Sunday, March 24, 2024

Another Interesting Take on the Limits of AI

My wife posted a link to this Linkedin post to a forum we both belong to, and it's interesting.

To sum up: software engineer Adly Thebaud posits two reasons why AI isn't going to be taking any jobs away anytime soon:

1. AI can observe, but not intuit. Thebaud says:

Observational learning is mimicry, cause and effect, positive and negative outcomes. It is this type of learning that all large language models (LLMs) are based on that fuels popular AI products like ChatGPT, Claude etc. 

Intuitive learning is "gut feeling". It's that inexplicable sentiment that transcends multiple senses and instructs humans what or what not to do. 

AI is terrible at intuition, and its best attempts at it lead to hallucinatory answers that are far from the truth. 

AI isn't "smart" in that it has a sense of right from wrong. It merely uses probability to figure out what the best answer is in response to your question. 

My wife mentions this, which I think is pertinent to some circles: AI lacks the "light of Christ," defined here. (If religion scares you, don't click on the link.)

2. AI has trouble seeing the big picture. Thebaud says:

It'll always be the engineer who is smarter than the AI, not because the engineer knows more, but the engineer knows how it all is supposed to work.

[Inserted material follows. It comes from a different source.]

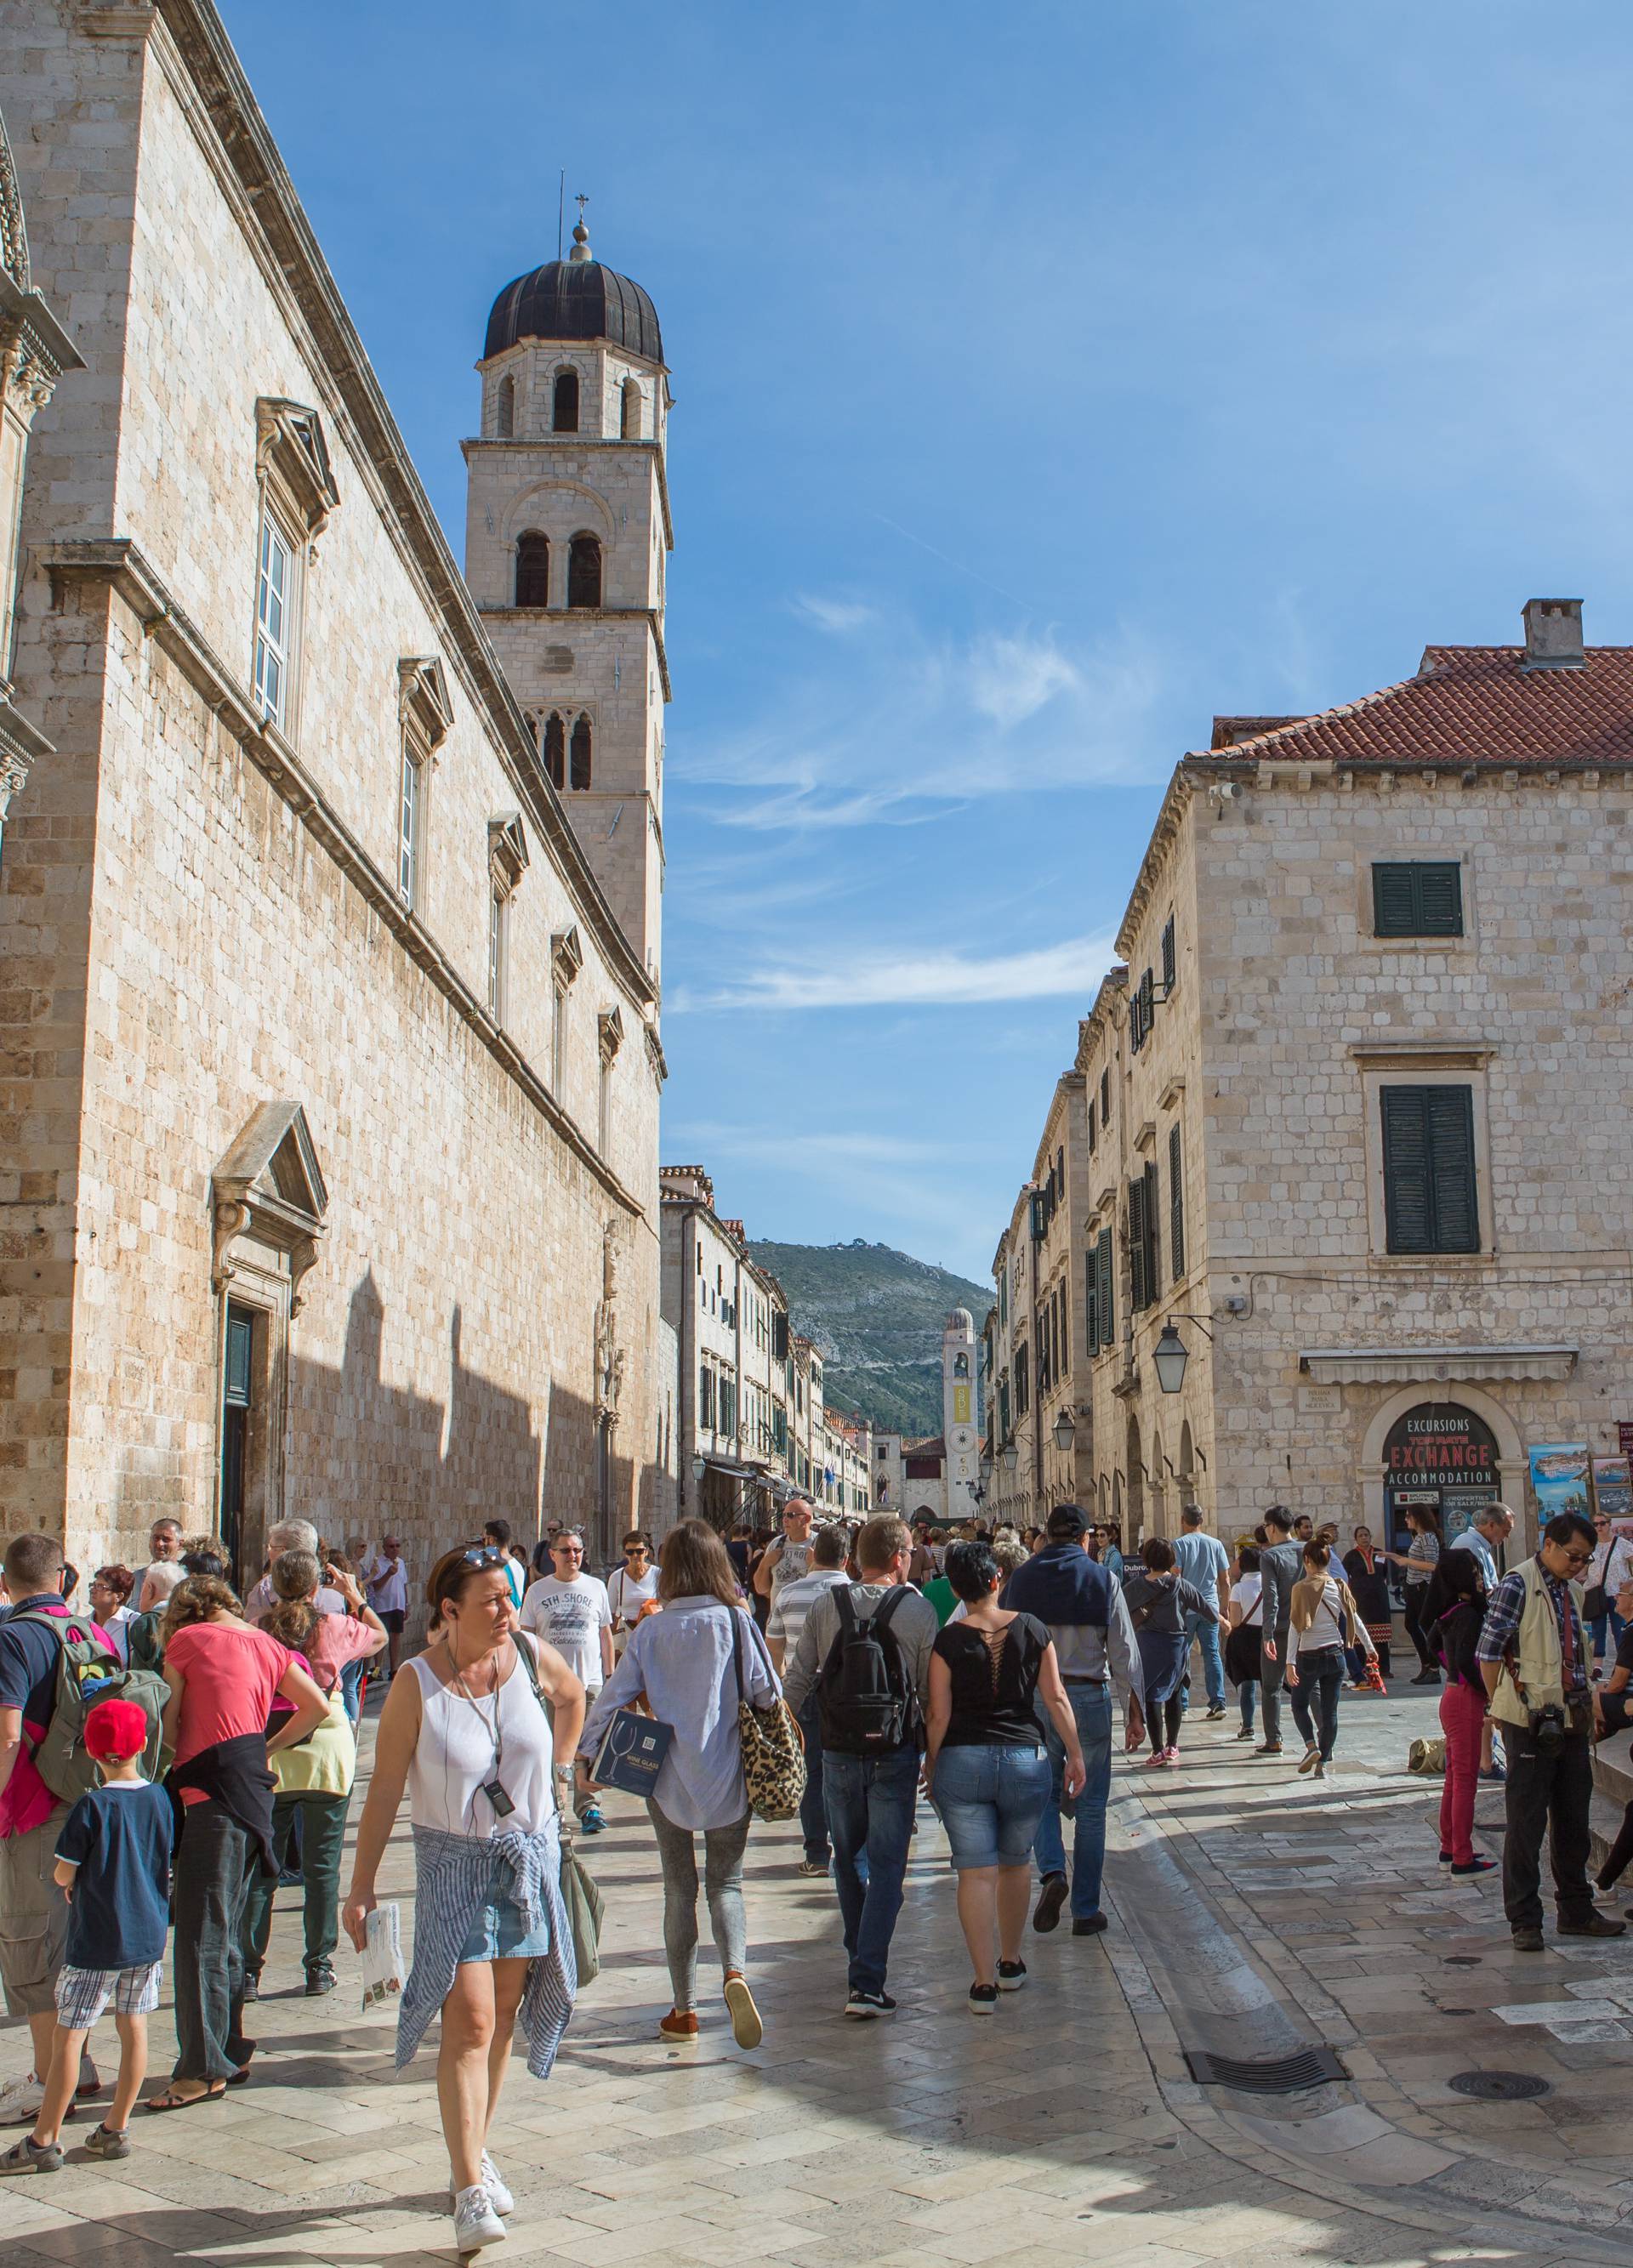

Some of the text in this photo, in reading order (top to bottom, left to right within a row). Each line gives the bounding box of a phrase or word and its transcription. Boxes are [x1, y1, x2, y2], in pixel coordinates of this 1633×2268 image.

And when things break, whether it's the code or the AI itself, it will be the engineers who will know how to fix it, because they see the big picture.

Though he's looking at this from a software engineer perspective, I think it's fair to say that in pretty much any application, it's the writer, the artist, the novelist, etc. who knows more, and knows how it's all supposed to work because the human in general can see the big picture, while AI can't. All you have to do is look at the art AI produces, with the weird smiles, the multiple hands and making everythink look like a Picasso but without the inherent talent to know this is true.

This is a series of continued musings as I try to figure out how AI could impact my life, both as an English instructor and as a technical writer.